Please help a SVS novice; is the plus worth the extra money? Anybody auditioned both, or upgraded to the plus?


----------



## Alex Donkle (Jan 23, 2009)

It really depends greatly on your room size and listening level (moderate, moderate-loud, loud, or very loud)?

And do you have any large openings in your room?


----------



## pitbull24 (Jan 17, 2009)

Yes, I do have two openings inthe room. We do enjoy listening in the mod loud-loud range.


----------



## Alex Donkle (Jan 23, 2009)

And what's the size of your room? (dimensions?)


----------



## pitbull24 (Jan 17, 2009)

The room is 2000 cubic feet, and sub placement is in a corner.


----------



## Alex Donkle (Jan 23, 2009)

Hmmm... That's actually a fairly close call, but you could get by going either way and up to moderate loud, the PB12-NSD wouldn't be stressing at all. The PB12-Plus would let you go up to very loud levels in a room your size. Not to mention to custom tuning ability and the improved bass quality of the Plus. 

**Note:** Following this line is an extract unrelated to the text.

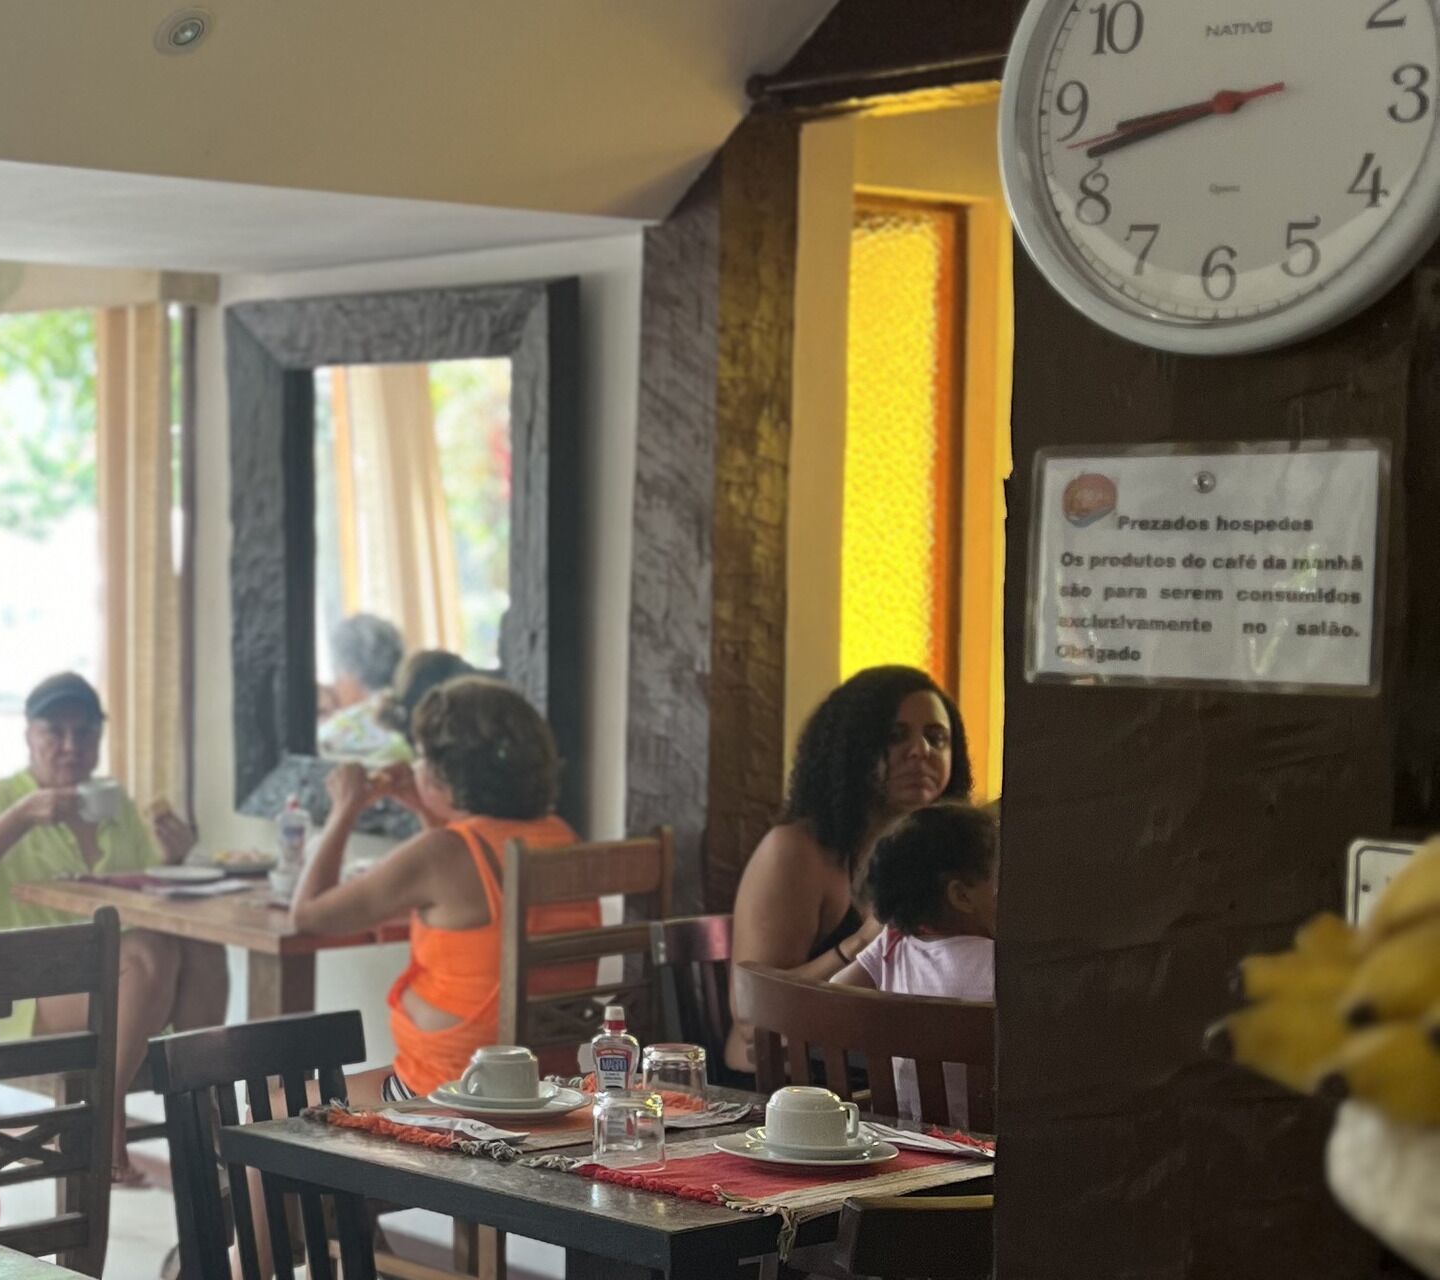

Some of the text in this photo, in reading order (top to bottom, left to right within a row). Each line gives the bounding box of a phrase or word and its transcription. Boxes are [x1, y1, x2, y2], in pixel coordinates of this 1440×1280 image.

I don't think you could be disappointed going with either choice.


----------



## pitbull24 (Jan 17, 2009)

Thanks for your thoughts Alex.


----------



## DougMac (Jan 24, 2008)

Here you go:

http://www.hometheatershack.com/for...b12-nsd-review-lyd-bilde-english-version.html

I've got the PB-12 NSD. I haven't heard the SP12+. I'm very satisfied.
Doug


----------



## bac4822 (Jun 19, 2007)

But pitbull24 is comparing the PB12-Plus, not the SB12-Plus, to the PB12-NSD.


----------



## drdoan (Aug 30, 2006)

subwoofers from SVSound are pretty much as advertised. In other words, having owned several subs from them, the next level sub up in price and performance, is exactly that- a true upgrade. That isn't always true with other companies. I would go with the largest sub you can afford (with your WAF, of course). Dennis


----------



## DougMac (Jan 24, 2008)

bac4822 said:


> But pitbull24 is comparing the PB12-Plus, not the SB12-Plus, to the PB12-NSD.


My bad. I swear I checked the models, but I guess I was tired after a long day at work.

I don't think you can go wrong with any SVS sub.

Doug


----------